- **EXCERPTED RECORDS**:
*****
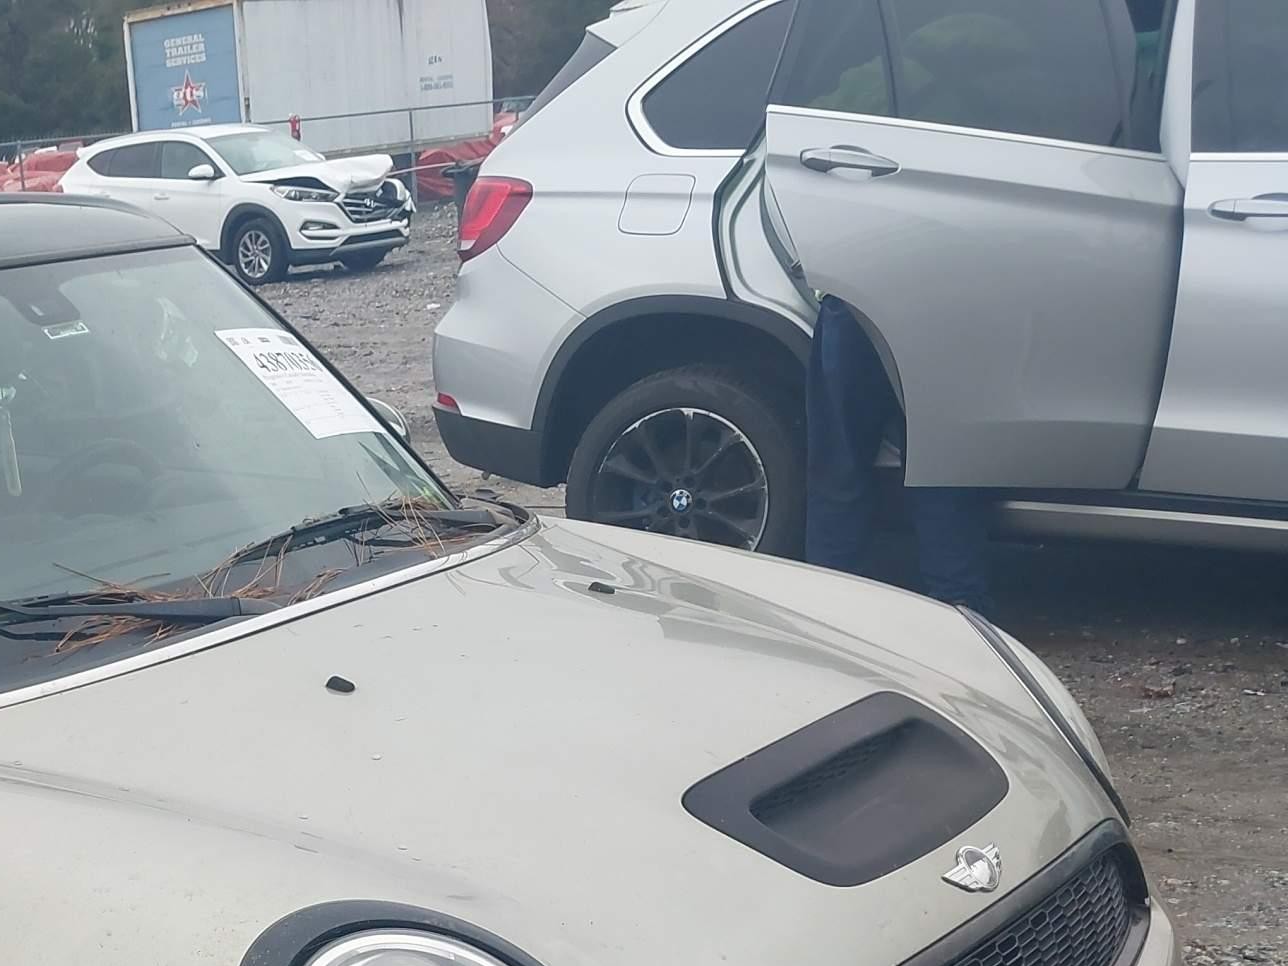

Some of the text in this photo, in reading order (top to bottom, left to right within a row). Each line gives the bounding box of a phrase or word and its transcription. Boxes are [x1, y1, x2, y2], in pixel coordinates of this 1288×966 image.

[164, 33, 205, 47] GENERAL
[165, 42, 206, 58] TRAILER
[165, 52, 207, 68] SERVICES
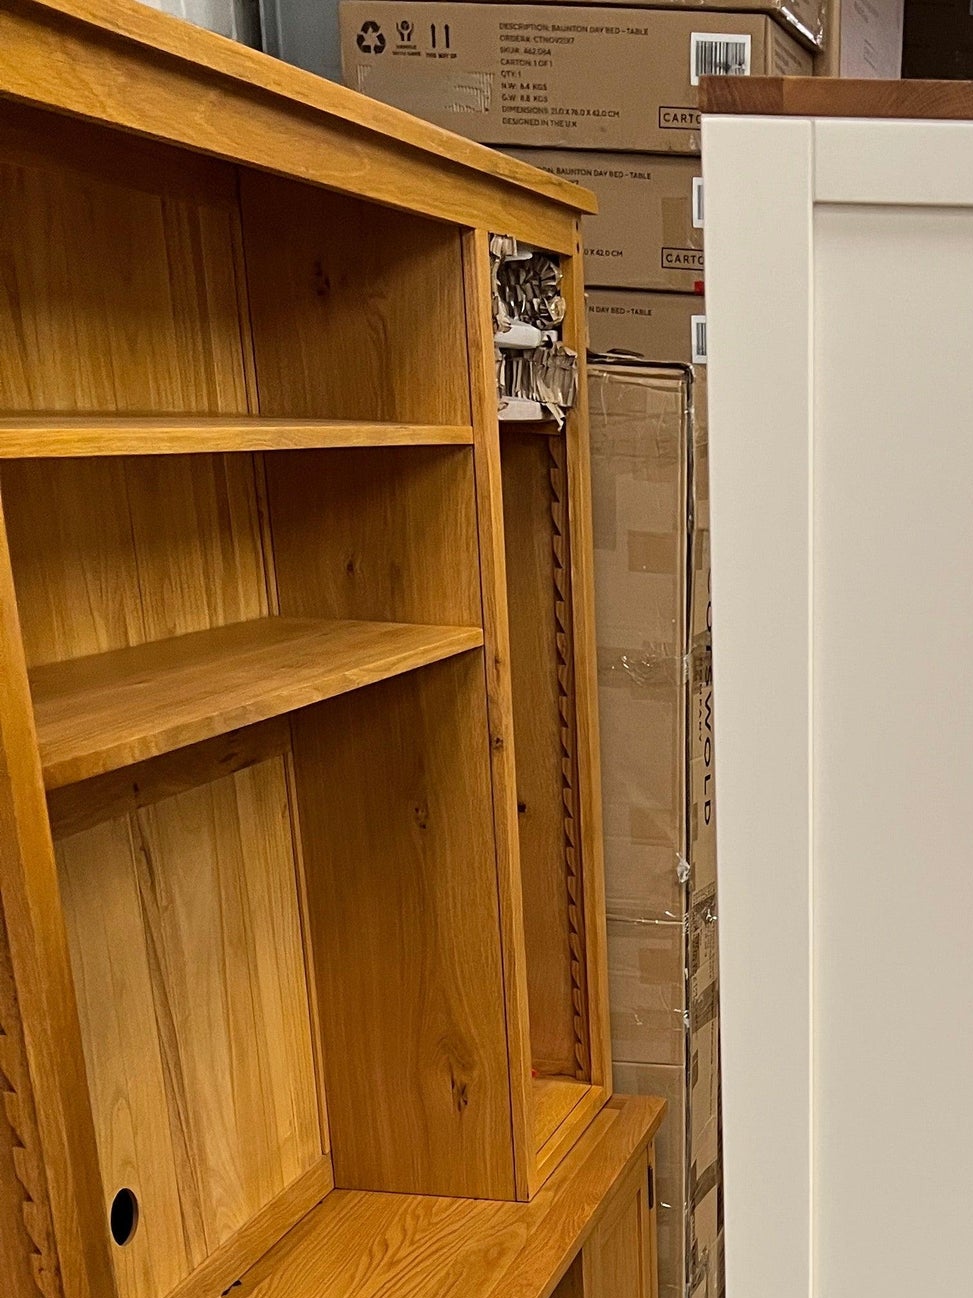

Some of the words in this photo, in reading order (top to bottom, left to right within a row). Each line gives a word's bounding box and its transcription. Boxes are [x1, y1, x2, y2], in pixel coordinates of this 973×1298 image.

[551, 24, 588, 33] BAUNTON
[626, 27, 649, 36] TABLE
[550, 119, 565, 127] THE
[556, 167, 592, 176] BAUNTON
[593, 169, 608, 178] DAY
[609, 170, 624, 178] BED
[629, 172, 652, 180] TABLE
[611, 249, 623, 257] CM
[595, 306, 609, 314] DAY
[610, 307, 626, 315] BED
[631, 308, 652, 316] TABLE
*****
- **YOUR ASSIGNMENT**: From the first line to the last, retype the entries above exactly, minus the pictures.

- **SOLUTION**:
Some of the text in this photo, in reading order (top to bottom, left to right within a row). Each line gives the bounding box of a phrase or word and its transcription. Boxes are [x1, y1, x2, y2], in pixel coordinates of this 1288×966 image.

[164, 33, 205, 47] GENERAL
[165, 42, 206, 58] TRAILER
[165, 52, 207, 68] SERVICES

Some of the words in this photo, in reading order (top to bottom, left to right within a row). Each line gives a word's bounding box and its transcription. Boxes are [x1, y1, x2, y2], in pixel coordinates of this 973×1298 image.

[551, 24, 588, 33] BAUNTON
[626, 27, 649, 36] TABLE
[550, 119, 565, 127] THE
[556, 167, 592, 176] BAUNTON
[593, 169, 608, 178] DAY
[609, 170, 624, 178] BED
[629, 172, 652, 180] TABLE
[611, 249, 623, 257] CM
[595, 306, 609, 314] DAY
[610, 307, 626, 315] BED
[631, 308, 652, 316] TABLE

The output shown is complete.